Generally speaking, the winding of the coil 92 for the stator 90 is performed prior to the coupling of the magnetic conducting members 91. Therefore, better winding flexibility is provided. However, although the stator 90 has a flexible winding for the coil 92, the stator 90 still has drawbacks such as inconvenient assembly as each magnetic conducting member 91 requires to be assembled one by one, causing an inconvenient assembly. In addition, the manufacture of the stator 90 still requires components such as magnetic conducting members 91. As a result, drawbacks of the aforementioned stator 80, such as high cost, difficulty in reducing axial height, unstable operation and so on, are still presented when using the stator 90.
SUMMARY OF THE INVENTIONIt is therefore the objective of this invention to overcome the above drawbacks by providing a simplified manufacturing method for a stator of a motor.
It is another objective of the invention to provide a manufacturing method for a stator of a motor which produces a motor with better quality.
It is yet another objective of the invention to provide a manufacturing method for a stator of a motor which simplifies the winding of the stator.
It is yet another objective of the invention to provide a stator of a motor manufactured based on the above methods, thereby efficiently reducing the axial height thereof.
It is yet another objective of the invention to provide a stator of a motor which operates with less cogging torque.
In a preferred embodiment, a stator manufacturing method for a motor comprises a preliminary step, a winding step, a rolling step and a shaping step. The preliminary step is configured to provide a strip plate having at least one wound portion on a surface thereof. The winding step is configured to provide a coil unit and to wind the coil unit around the at least one wound portion of the strip plate. The rolling step is configured to roll up the strip plate into an unshaped sleeve having a central hole, in which the at least one wound portion and the coil unit are located inside the central hole. The shaping step is configured to fix a shape of the unshaped sleeve to form a shaped sleeve. The shaping step is further configured to provide an outer sleeve and the unshaped sleeve is disposed in the outer sleeve. A separation member is inserted between two ends of the strip plate after the unshaped sleeve is disposed in the outer sleeve, thereby forcing the unshaped sleeve to closely abut with an inner peripheral surface of the outer sleeve.
In a preferred form shown, the outer sleeve is made of a material capable of preventing magnetic field leakage.
In the preferred form shown, the strip plate is formed by way of injection molding, and at least one magnetic conducting element is embedded in the at least one wound portion during the injection molding.

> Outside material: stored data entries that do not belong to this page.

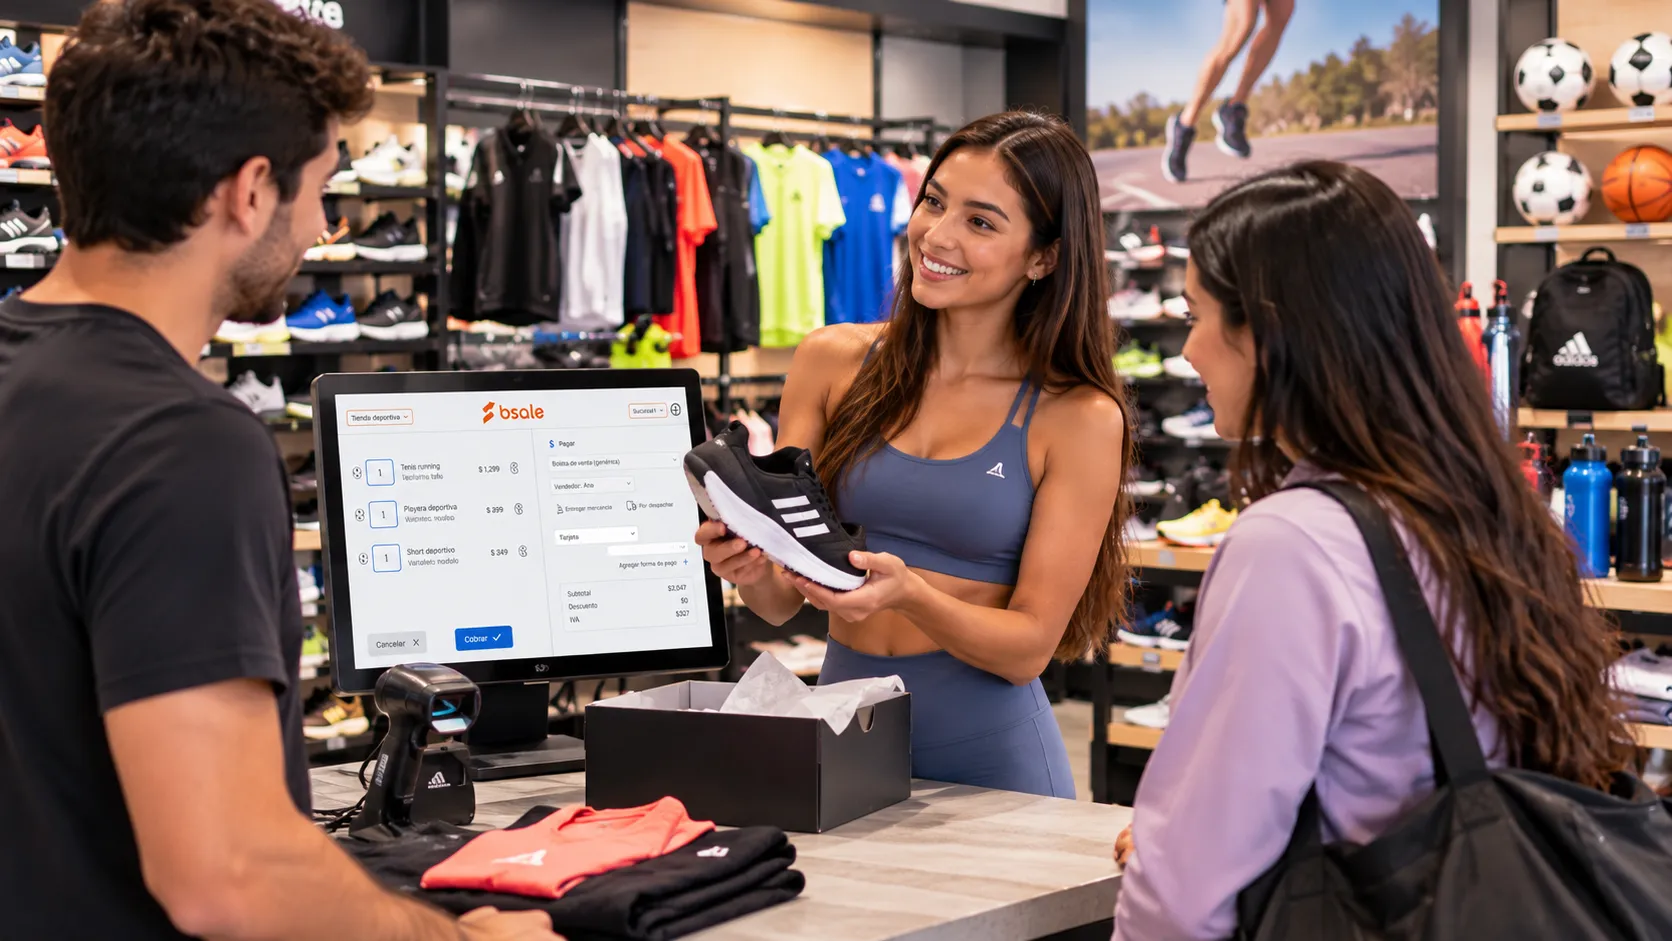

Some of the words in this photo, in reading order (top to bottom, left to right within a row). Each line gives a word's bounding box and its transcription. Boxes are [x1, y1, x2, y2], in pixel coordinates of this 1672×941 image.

[499, 403, 545, 420] bsale
[351, 414, 371, 422] Tienda
[401, 463, 417, 471] Tenis
[417, 462, 441, 472] running
[378, 468, 382, 477] 1
[428, 502, 458, 513] deportiva
[381, 510, 386, 519] 1
[406, 547, 424, 556] Short
[496, 548, 509, 557] 349
[384, 553, 389, 563] 1
[569, 615, 581, 623] IVA
[464, 634, 488, 644] Cobrar
[375, 639, 406, 649] Cancelar

In the preferred form shown, each of the at least one wound portion forms a compartment on a surface thereof, and a magnetic conducting element is embedded in the compartment.
In the preferred form shown, the strip plate is made of an insulation material.
In the preferred form shown, the strip plate forms at least one wire-fixing member on the surface thereof, and the remaining wire of the coil unit is fixed to the at least one wire-fixing member during the winding step.
In the preferred form shown, the strip plate forms at least one groove on the surface thereof for the strip plate to be rolled-up into the unshaped sleeve.
In another preferred embodiment, a stator manufacturing method for a motor comprises a preliminary step, a winding step, a rolling step and a shaping step. The preliminary step is configured to provide a strip plate having at least one wound portion on a surface thereof. The winding step is configured to provide a coil unit and to wind the coil unit around the at least one wound portion of the strip plate. The rolling step is configured to roll up the strip plate into an unshaped sleeve having a central hole, in which the at least one wound portion and the coil unit are located inside the central hole. The shaping step is configured to fix a shape of the unshaped sleeve to form a shaped sleeve. The shaping step is further configured to provide an outer sleeve, and the unshaped sleeve is disposed in the outer sleeve. The outer sleeve forms a protruding pole on an inner peripheral surface thereof, and the protruding pole is received between two ends of the strip plate when the unshaped sleeve is disposed in the outer sleeve.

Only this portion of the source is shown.